Wintergreen is in the large family called Ericaceae; all the plants in this family like acidic soil conditions and would benefit from being enriched every two or three years with a small amount of a soil amendment, such as pine duff or a commercially produced organic amendment sold in nurseries for fertilizing rhododendrons and blueberries, which are in the same family as wintergreen.
Cultivars
For many years this plant was ignored by the nursery trade; then a decade ago nurseries began to sell wintergreen as an ornamental ground cover for shady areas.
Several years ago plant breeders started to create a handful of cultivars that were selected for larger fruit sizes, berry colors, and yields as well as decorative foliage, and we have listed a few of these newer cultivars.
‘Berry Cascade’: A trademarked productive variety that produces fruits along the entire stem of the vine, instead of just on the ends of stems.
‘Cherry Berries’: A cultivar selected for extra-large, showy wintergreen berries.
‘Winter Fiesta’: A newer cultivar that was selected for its bright white wintergreen berries with a pink blush.
Related Species
The wintergreen genus includes four other plants that are native to the United States: Gaultheria humifusa (Alpine wintergreen), G. ovatifolia (Oregon spicy wintergreen), G. hispidula (creeping snowberry), and G. shallon (salal).

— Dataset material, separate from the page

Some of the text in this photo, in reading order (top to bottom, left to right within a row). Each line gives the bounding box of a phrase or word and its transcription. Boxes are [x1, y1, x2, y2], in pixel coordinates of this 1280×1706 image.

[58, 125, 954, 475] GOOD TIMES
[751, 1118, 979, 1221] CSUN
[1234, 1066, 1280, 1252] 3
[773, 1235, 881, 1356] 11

These are all part of the Ericaceae family, which includes over four thousand species distributed all over the world. Wintergreen is related to a diverse group of plants such as cranberry, rhododendron, manzanita, heather, and mountain laurel.
Wintergreen Propagation
Wintergreen can be grown from seeds that are potted up in soil and cold-stratified (exposed to cold) for two to three months to induce them to germinate.
The easiest way to generate new plants is to divide old, established wintergreen colonies by gently digging up a small section of the shrub that has some roots attached to it, and potting it up with acidic, well-drained soil for a few sea- sons until it has grown a larger root system for transplanting.

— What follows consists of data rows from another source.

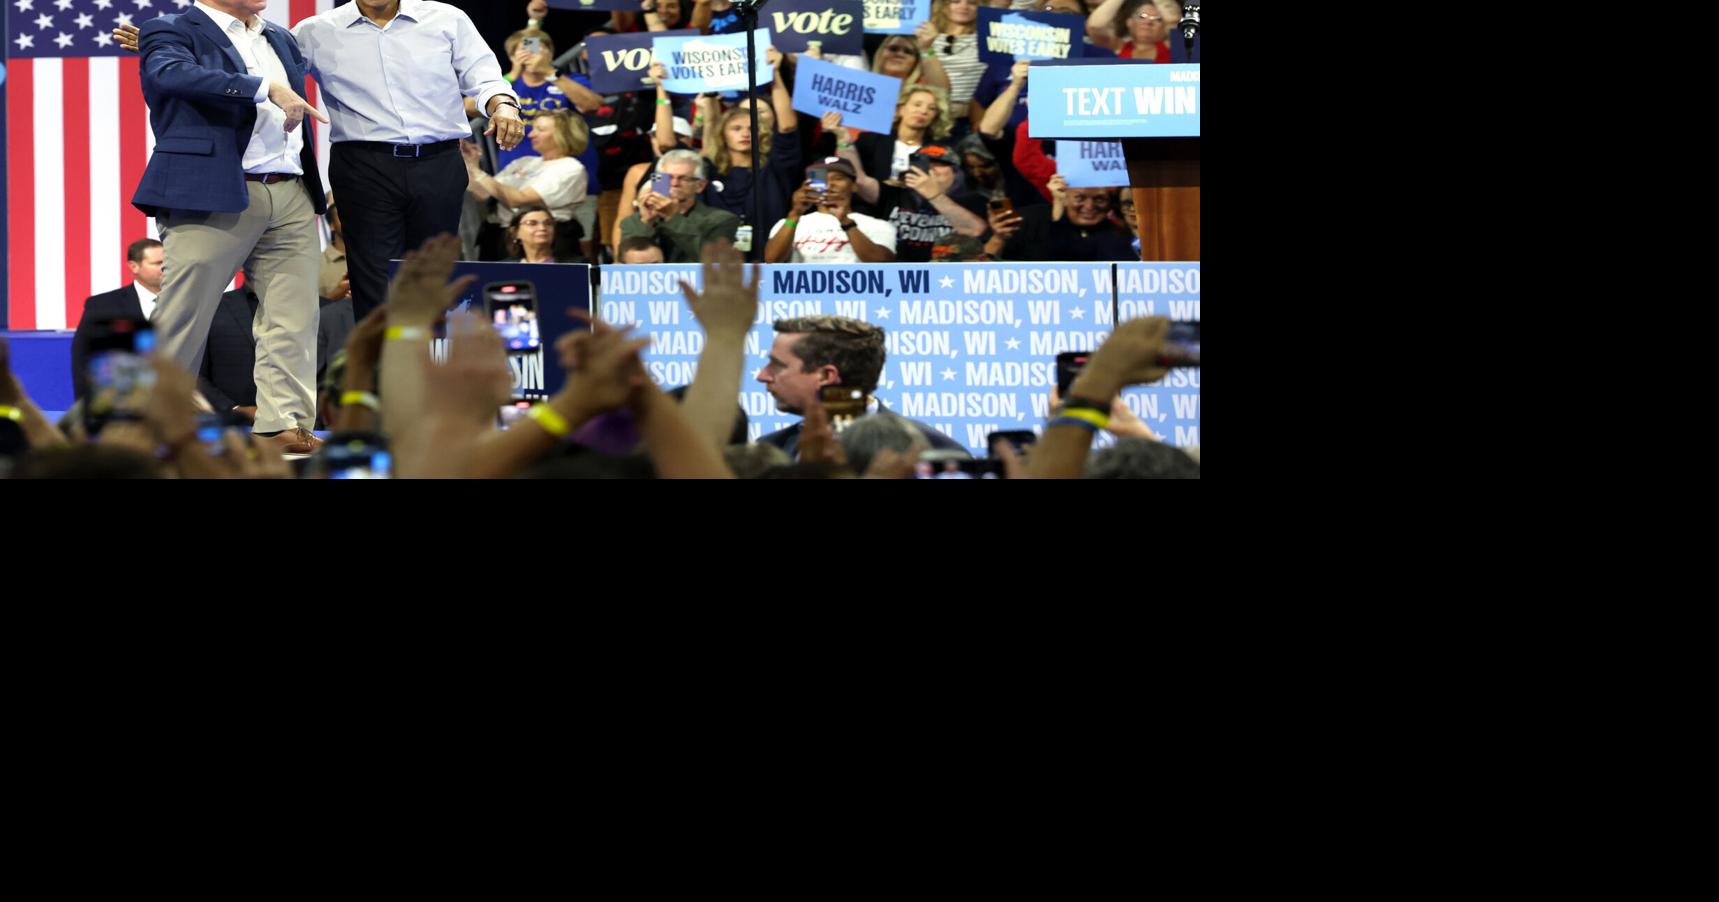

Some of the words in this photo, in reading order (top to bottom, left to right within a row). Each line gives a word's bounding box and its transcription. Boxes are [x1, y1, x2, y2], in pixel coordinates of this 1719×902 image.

[772, 8, 853, 35] vote
[989, 21, 1071, 43] WISCONSIN
[601, 48, 656, 72] vo
[986, 36, 1025, 55] VOTES
[1026, 40, 1072, 59] EARLY
[671, 65, 715, 80] VOTES
[811, 73, 876, 105] HARRIS
[1063, 87, 1126, 116] TEXT
[1134, 86, 1196, 115] WIN
[818, 94, 862, 114] WALZ
[1080, 141, 1120, 159] HAR
[1091, 160, 1127, 172] WA
[773, 269, 892, 298] MADISON,
[898, 269, 930, 293] WI
[963, 269, 1087, 298] MADISON,
[1092, 269, 1113, 293] W
[648, 300, 679, 325] WI
[900, 300, 1022, 328] MADISON,
[1028, 300, 1060, 325] WI
[963, 331, 996, 356] WI
[900, 361, 932, 386] WI
[902, 391, 1025, 421] MADISON,

Another easy method for propagating plants is to layer a section of the branch under a small mound of soil to encourage roots to form; after a season or two, this part can be cut away from the mother plant and potted up.
Pests and Problems
The plants are not bothered by many pests, but the berries do occasionally get taken by wildlife.
Caution
Wintergreen was used as a natural form of pain relief because all of the parts of the plants contain methyl salicylate, which is a natural aspirin-like chemical.
Using small amounts of the leaves and berries for brewing drinks is safe, but people who have an allergic reaction to aspirin should exercise caution when using the leaves.
Wintergreen Oil
Commercially produced wintergreen oil is a common herbal medical product used as a natural remedy for sore muscles because of its beneficial anti-inflammatory properties.
But this type of oil contains chemically distilled oils whose methyl salicylate is much stronger than the leaves of the plant.
It can be used only as a topical skin cream, and is considered highly toxic and dangerous to ingest in any form!
Notes
1. Euell Gibbons, Stalking the Wild Asparagus (Putney, VT: Alan C. Hood, 1962), 212.
2. Roger Phillips and Martyn Rix, The Botanical Garden (Buffalo: Firefly Books, 2002), 206.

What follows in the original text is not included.